Sulky: The report says the victim was deliberately set on fire - why would anyone do that?
Smoulder: Because they were cold? Hey Sulky, our car! The tyres have melted!
Sulky: I told you to go easy on the brakes.
Smoulder: Maybe those teenagers in the singed clothes saw something. Hey, did you see who melted our tyres?
Stevie: No, mister, when we got here they already like that.
Mitch: Yeah, there's only one kind of burning rubber we know anything about. Ha ha ha he he he.
Smoulder: Ha. Ha.
Sulky: Smoulder? I don't get that. I think we'd better get to the Sheriff's office immediately.
Smoulder: You think we'd better report our burnt car?
Sulky: No, I'm hoping he can explain that last joke to me.
Smoulder: Okay, I'll hail a cab. Taxi! hey...
Sulky: No, Smoulder, that was an ambulance. Oh but they've stopped to give you a lift.

Stevie: They gone, dude. You think they suspect anything?
Mitch: Who cares? I got me some special powers!
Stevie: Yeah man, special powers.
Mitch: I can breathe fire! <whoosh>
Stevie: Mitch? You melted our bicycles, dude.
Mitch: Shut up. You know how stupid you look without any eyebrows? He he he he he...

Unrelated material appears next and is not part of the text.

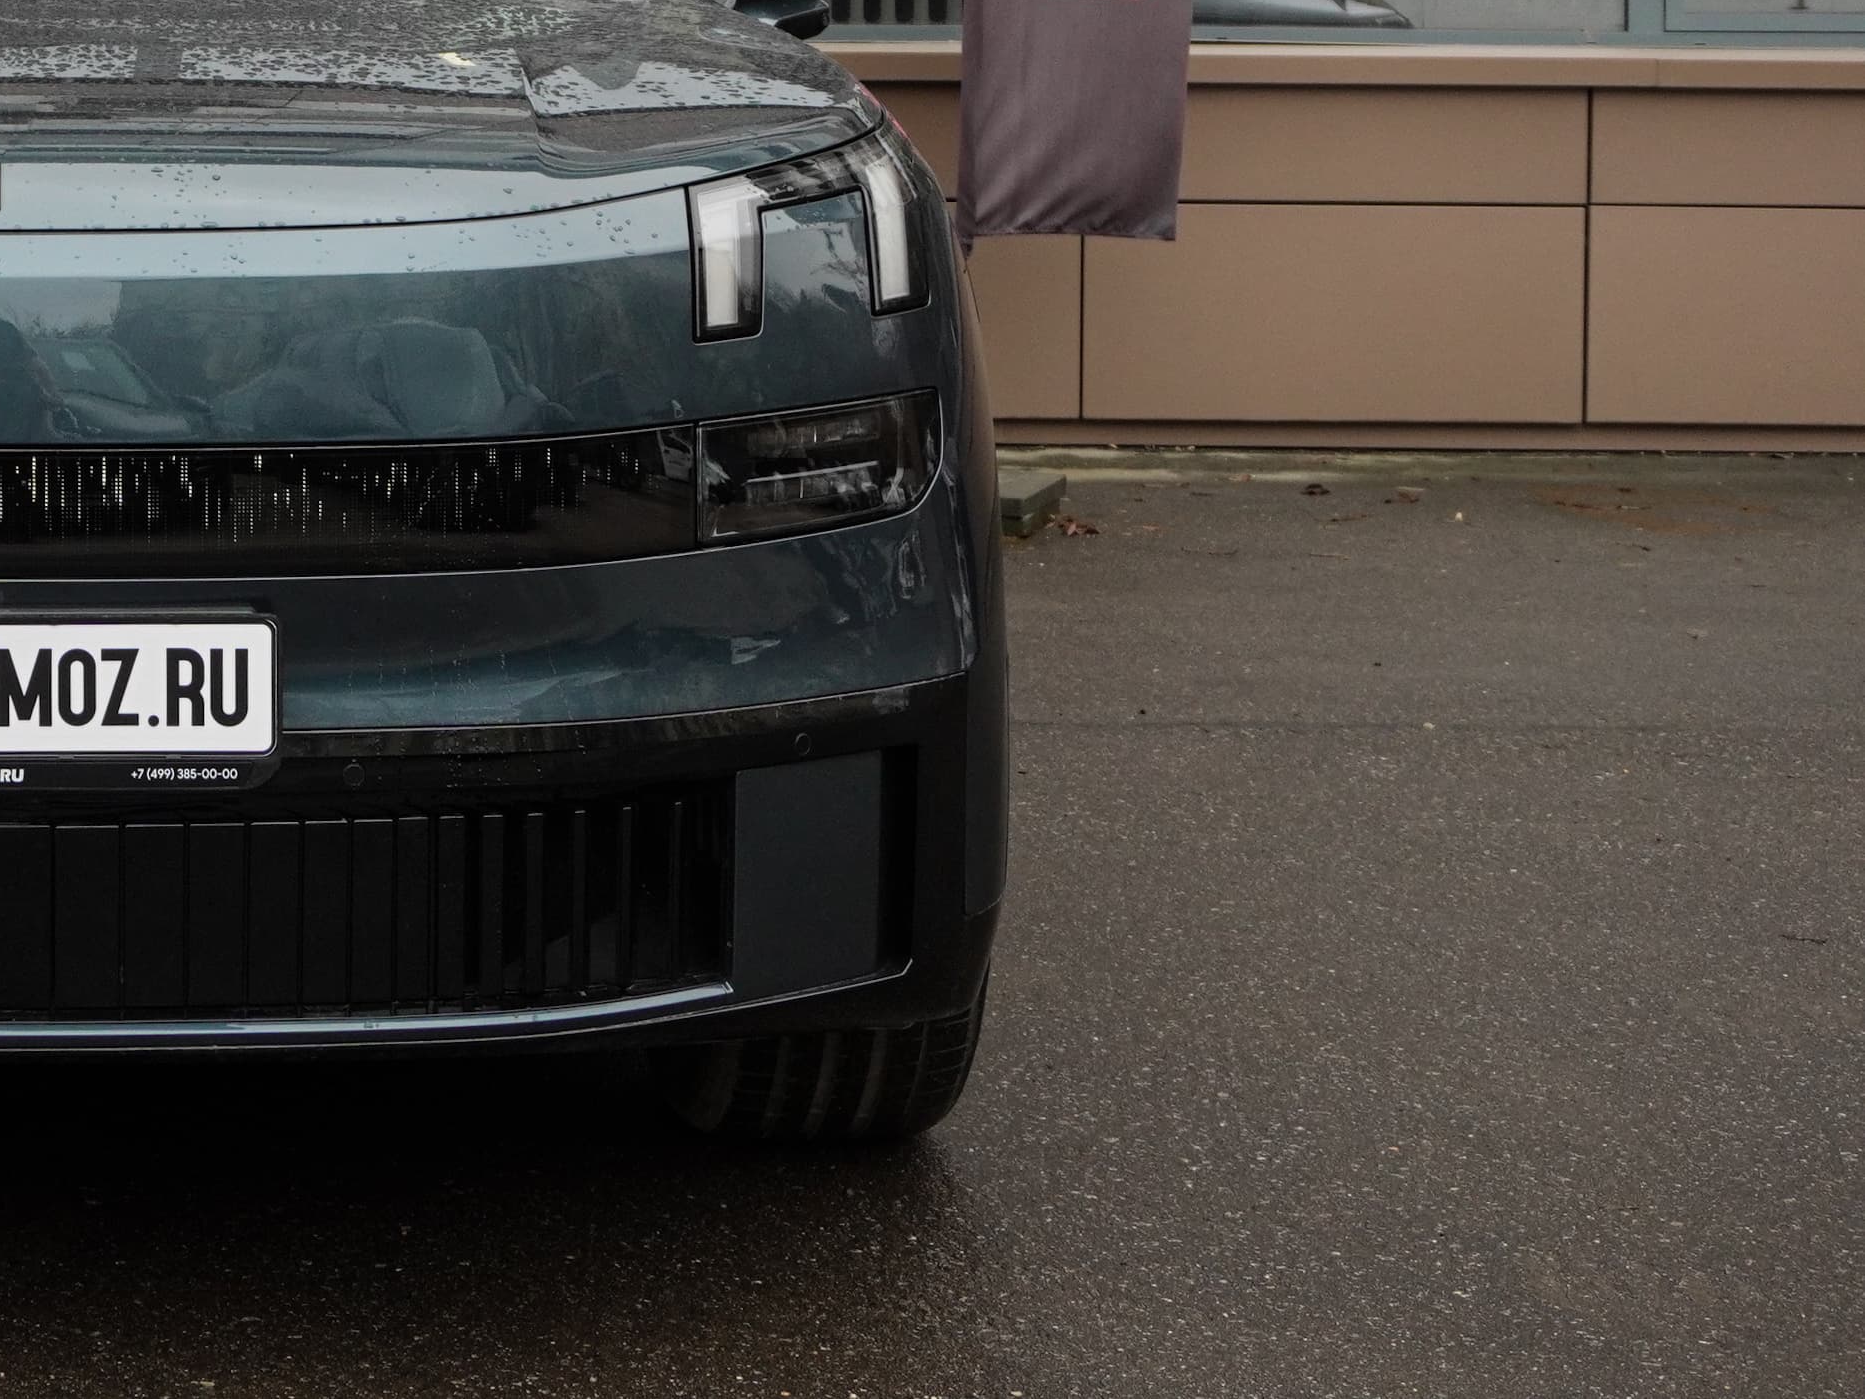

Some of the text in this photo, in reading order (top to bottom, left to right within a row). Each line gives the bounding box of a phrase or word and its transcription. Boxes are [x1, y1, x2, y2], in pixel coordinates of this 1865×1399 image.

[130, 767, 238, 782] +7 (499) 385-00-00

Narrator #1: Have Smoulder and Sulky met their match?
Sulky: I'm sorry, I don't smoke.
Narrator #1: Do eyebrows grow back?
Stevie: Don't they grow front?
Narrator #1: Will Smoulder stop hailing ambulances? <crash, smash>
Smoulder: Apparently not.
Narrator #1: Be here for the next sizzling episode of...the X-Fools!

Part 2

Narrator #1: They are two exceptional people investigating strange unexplained phenomena: UFOs, abductions, if a stealth bomber crashes how do you find the wreckage? They are Special Agents Fax Smoulder and Donut Sulky. They are the X-Fools.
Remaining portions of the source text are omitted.